= Given data =
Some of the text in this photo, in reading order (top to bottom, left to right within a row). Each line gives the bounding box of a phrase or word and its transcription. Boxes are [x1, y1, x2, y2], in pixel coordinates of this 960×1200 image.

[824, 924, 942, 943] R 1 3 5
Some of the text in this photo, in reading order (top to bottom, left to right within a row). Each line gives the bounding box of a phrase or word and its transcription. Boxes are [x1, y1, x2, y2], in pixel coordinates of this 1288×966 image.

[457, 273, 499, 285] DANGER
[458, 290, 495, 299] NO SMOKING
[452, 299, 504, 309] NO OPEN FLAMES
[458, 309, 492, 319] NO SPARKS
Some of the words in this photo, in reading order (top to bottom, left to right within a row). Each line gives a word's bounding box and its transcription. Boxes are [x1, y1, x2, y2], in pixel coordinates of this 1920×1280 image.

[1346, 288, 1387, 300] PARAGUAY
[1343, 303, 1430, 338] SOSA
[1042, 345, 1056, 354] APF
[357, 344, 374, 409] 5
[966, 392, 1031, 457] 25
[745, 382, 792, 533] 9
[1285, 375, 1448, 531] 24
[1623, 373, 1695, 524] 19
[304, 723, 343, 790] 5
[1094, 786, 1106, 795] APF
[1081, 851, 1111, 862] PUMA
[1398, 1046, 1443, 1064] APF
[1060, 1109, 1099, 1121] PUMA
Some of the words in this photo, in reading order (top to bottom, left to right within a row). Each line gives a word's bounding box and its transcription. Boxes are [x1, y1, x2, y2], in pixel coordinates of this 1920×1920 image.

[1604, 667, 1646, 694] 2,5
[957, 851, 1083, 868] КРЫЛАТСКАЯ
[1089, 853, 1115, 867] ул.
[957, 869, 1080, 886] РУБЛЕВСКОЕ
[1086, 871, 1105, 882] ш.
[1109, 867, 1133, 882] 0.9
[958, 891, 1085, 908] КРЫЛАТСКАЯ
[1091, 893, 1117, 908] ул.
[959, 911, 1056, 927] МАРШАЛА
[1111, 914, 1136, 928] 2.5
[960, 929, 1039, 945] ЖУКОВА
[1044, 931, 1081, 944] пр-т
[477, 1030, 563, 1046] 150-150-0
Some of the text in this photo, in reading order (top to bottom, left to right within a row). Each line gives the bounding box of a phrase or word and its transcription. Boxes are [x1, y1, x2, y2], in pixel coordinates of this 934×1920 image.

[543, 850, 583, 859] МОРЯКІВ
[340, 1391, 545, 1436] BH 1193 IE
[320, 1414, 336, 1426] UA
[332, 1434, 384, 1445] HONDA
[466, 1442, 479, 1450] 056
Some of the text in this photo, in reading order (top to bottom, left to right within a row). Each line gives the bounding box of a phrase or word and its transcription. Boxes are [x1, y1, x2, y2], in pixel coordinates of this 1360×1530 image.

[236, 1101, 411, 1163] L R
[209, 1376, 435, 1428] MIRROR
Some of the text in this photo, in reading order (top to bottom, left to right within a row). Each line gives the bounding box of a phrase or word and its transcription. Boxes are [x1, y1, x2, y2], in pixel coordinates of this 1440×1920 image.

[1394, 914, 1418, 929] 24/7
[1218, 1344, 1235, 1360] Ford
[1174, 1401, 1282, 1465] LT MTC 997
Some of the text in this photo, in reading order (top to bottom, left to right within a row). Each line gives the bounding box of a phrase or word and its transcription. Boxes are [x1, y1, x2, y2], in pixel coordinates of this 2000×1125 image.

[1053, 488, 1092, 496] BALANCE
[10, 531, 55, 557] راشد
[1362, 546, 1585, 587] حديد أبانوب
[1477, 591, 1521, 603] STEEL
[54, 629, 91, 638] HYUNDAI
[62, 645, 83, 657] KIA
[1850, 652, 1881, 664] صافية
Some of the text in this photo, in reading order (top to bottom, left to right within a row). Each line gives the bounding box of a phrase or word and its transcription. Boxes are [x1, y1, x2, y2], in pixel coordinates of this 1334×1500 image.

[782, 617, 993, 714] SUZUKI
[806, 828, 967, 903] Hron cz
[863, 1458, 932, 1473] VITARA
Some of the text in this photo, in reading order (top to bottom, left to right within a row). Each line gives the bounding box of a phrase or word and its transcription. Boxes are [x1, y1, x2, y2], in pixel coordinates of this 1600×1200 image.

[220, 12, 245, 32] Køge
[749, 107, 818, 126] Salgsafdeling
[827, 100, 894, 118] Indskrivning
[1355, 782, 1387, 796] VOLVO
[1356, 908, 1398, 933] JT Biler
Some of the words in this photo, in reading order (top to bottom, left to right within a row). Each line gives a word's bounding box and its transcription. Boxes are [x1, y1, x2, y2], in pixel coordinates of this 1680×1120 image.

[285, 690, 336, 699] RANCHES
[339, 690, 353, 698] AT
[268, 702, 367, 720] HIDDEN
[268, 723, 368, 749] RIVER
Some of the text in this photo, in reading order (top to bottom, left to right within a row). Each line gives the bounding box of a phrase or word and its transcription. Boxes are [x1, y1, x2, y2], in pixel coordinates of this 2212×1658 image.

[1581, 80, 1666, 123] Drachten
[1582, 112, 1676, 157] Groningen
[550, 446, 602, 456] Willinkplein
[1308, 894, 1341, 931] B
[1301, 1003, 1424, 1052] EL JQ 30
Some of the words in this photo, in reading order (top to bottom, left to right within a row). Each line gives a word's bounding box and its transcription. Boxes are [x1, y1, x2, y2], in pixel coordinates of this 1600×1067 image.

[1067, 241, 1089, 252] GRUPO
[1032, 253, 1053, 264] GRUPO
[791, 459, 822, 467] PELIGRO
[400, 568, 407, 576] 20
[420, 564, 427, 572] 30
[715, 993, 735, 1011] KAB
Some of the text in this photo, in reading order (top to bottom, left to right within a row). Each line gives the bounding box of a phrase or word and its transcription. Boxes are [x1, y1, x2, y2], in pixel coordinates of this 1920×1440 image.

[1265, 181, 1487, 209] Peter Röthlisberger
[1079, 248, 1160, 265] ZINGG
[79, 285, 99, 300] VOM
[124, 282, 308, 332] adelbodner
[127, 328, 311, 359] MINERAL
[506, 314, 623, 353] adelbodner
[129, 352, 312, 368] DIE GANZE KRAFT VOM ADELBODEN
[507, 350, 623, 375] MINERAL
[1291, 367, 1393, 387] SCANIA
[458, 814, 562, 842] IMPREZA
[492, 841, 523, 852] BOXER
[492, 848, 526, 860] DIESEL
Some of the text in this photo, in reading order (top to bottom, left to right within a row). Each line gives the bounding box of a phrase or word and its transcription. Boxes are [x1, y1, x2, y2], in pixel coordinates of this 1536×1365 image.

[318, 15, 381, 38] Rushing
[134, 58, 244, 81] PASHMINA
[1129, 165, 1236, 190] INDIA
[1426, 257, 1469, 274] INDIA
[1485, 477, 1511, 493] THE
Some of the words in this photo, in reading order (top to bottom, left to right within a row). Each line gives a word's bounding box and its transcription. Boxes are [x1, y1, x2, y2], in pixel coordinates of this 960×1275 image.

= Instructions for the task =
Each line shown above must be repeated exactly.

= Result for this task =
Some of the text in this photo, in reading order (top to bottom, left to right within a row). Each line gives the bounding box of a phrase or word and its transcription. Boxes are [x1, y1, x2, y2], in pixel coordinates of this 960×1200 image.

[824, 924, 942, 943] R 1 3 5
Some of the text in this photo, in reading order (top to bottom, left to right within a row). Each line gives the bounding box of a phrase or word and its transcription. Boxes are [x1, y1, x2, y2], in pixel coordinates of this 1288×966 image.

[457, 273, 499, 285] DANGER
[458, 290, 495, 299] NO SMOKING
[452, 299, 504, 309] NO OPEN FLAMES
[458, 309, 492, 319] NO SPARKS
Some of the words in this photo, in reading order (top to bottom, left to right within a row). Each line gives a word's bounding box and its transcription. Boxes are [x1, y1, x2, y2], in pixel coordinates of this 1920×1280 image.

[1346, 288, 1387, 300] PARAGUAY
[1343, 303, 1430, 338] SOSA
[1042, 345, 1056, 354] APF
[357, 344, 374, 409] 5
[966, 392, 1031, 457] 25
[745, 382, 792, 533] 9
[1285, 375, 1448, 531] 24
[1623, 373, 1695, 524] 19
[304, 723, 343, 790] 5
[1094, 786, 1106, 795] APF
[1081, 851, 1111, 862] PUMA
[1398, 1046, 1443, 1064] APF
[1060, 1109, 1099, 1121] PUMA
Some of the words in this photo, in reading order (top to bottom, left to right within a row). Each line gives a word's bounding box and its transcription. Boxes are [x1, y1, x2, y2], in pixel coordinates of this 1920×1920 image.

[1604, 667, 1646, 694] 2,5
[957, 851, 1083, 868] КРЫЛАТСКАЯ
[1089, 853, 1115, 867] ул.
[957, 869, 1080, 886] РУБЛЕВСКОЕ
[1086, 871, 1105, 882] ш.
[1109, 867, 1133, 882] 0.9
[958, 891, 1085, 908] КРЫЛАТСКАЯ
[1091, 893, 1117, 908] ул.
[959, 911, 1056, 927] МАРШАЛА
[1111, 914, 1136, 928] 2.5
[960, 929, 1039, 945] ЖУКОВА
[1044, 931, 1081, 944] пр-т
[477, 1030, 563, 1046] 150-150-0
Some of the text in this photo, in reading order (top to bottom, left to right within a row). Each line gives the bounding box of a phrase or word and its transcription. Boxes are [x1, y1, x2, y2], in pixel coordinates of this 934×1920 image.

[543, 850, 583, 859] МОРЯКІВ
[340, 1391, 545, 1436] BH 1193 IE
[320, 1414, 336, 1426] UA
[332, 1434, 384, 1445] HONDA
[466, 1442, 479, 1450] 056
Some of the text in this photo, in reading order (top to bottom, left to right within a row). Each line gives the bounding box of a phrase or word and its transcription. Boxes are [x1, y1, x2, y2], in pixel coordinates of this 1360×1530 image.

[236, 1101, 411, 1163] L R
[209, 1376, 435, 1428] MIRROR
Some of the text in this photo, in reading order (top to bottom, left to right within a row). Each line gives the bounding box of a phrase or word and its transcription. Boxes are [x1, y1, x2, y2], in pixel coordinates of this 1440×1920 image.

[1394, 914, 1418, 929] 24/7
[1218, 1344, 1235, 1360] Ford
[1174, 1401, 1282, 1465] LT MTC 997
Some of the text in this photo, in reading order (top to bottom, left to right within a row). Each line gives the bounding box of a phrase or word and its transcription. Boxes are [x1, y1, x2, y2], in pixel coordinates of this 2000×1125 image.

[1053, 488, 1092, 496] BALANCE
[10, 531, 55, 557] راشد
[1362, 546, 1585, 587] حديد أبانوب
[1477, 591, 1521, 603] STEEL
[54, 629, 91, 638] HYUNDAI
[62, 645, 83, 657] KIA
[1850, 652, 1881, 664] صافية
Some of the text in this photo, in reading order (top to bottom, left to right within a row). Each line gives the bounding box of a phrase or word and its transcription. Boxes are [x1, y1, x2, y2], in pixel coordinates of this 1334×1500 image.

[782, 617, 993, 714] SUZUKI
[806, 828, 967, 903] Hron cz
[863, 1458, 932, 1473] VITARA
Some of the text in this photo, in reading order (top to bottom, left to right within a row). Each line gives the bounding box of a phrase or word and its transcription. Boxes are [x1, y1, x2, y2], in pixel coordinates of this 1600×1200 image.

[220, 12, 245, 32] Køge
[749, 107, 818, 126] Salgsafdeling
[827, 100, 894, 118] Indskrivning
[1355, 782, 1387, 796] VOLVO
[1356, 908, 1398, 933] JT Biler
Some of the words in this photo, in reading order (top to bottom, left to right within a row). Each line gives a word's bounding box and its transcription. Boxes are [x1, y1, x2, y2], in pixel coordinates of this 1680×1120 image.

[285, 690, 336, 699] RANCHES
[339, 690, 353, 698] AT
[268, 702, 367, 720] HIDDEN
[268, 723, 368, 749] RIVER
Some of the text in this photo, in reading order (top to bottom, left to right within a row). Each line gives the bounding box of a phrase or word and its transcription. Boxes are [x1, y1, x2, y2], in pixel coordinates of this 2212×1658 image.

[1581, 80, 1666, 123] Drachten
[1582, 112, 1676, 157] Groningen
[550, 446, 602, 456] Willinkplein
[1308, 894, 1341, 931] B
[1301, 1003, 1424, 1052] EL JQ 30
Some of the words in this photo, in reading order (top to bottom, left to right within a row). Each line gives a word's bounding box and its transcription. Boxes are [x1, y1, x2, y2], in pixel coordinates of this 1600×1067 image.

[1067, 241, 1089, 252] GRUPO
[1032, 253, 1053, 264] GRUPO
[791, 459, 822, 467] PELIGRO
[400, 568, 407, 576] 20
[420, 564, 427, 572] 30
[715, 993, 735, 1011] KAB
Some of the text in this photo, in reading order (top to bottom, left to right within a row). Each line gives the bounding box of a phrase or word and its transcription. Boxes are [x1, y1, x2, y2], in pixel coordinates of this 1920×1440 image.

[1265, 181, 1487, 209] Peter Röthlisberger
[1079, 248, 1160, 265] ZINGG
[79, 285, 99, 300] VOM
[124, 282, 308, 332] adelbodner
[127, 328, 311, 359] MINERAL
[506, 314, 623, 353] adelbodner
[129, 352, 312, 368] DIE GANZE KRAFT VOM ADELBODEN
[507, 350, 623, 375] MINERAL
[1291, 367, 1393, 387] SCANIA
[458, 814, 562, 842] IMPREZA
[492, 841, 523, 852] BOXER
[492, 848, 526, 860] DIESEL
Some of the text in this photo, in reading order (top to bottom, left to right within a row). Each line gives the bounding box of a phrase or word and its transcription. Boxes are [x1, y1, x2, y2], in pixel coordinates of this 1536×1365 image.

[318, 15, 381, 38] Rushing
[134, 58, 244, 81] PASHMINA
[1129, 165, 1236, 190] INDIA
[1426, 257, 1469, 274] INDIA
[1485, 477, 1511, 493] THE
Some of the words in this photo, in reading order (top to bottom, left to right within a row). Each line gives a word's bounding box and its transcription. Boxes are [x1, y1, x2, y2], in pixel coordinates of this 960×1275 image.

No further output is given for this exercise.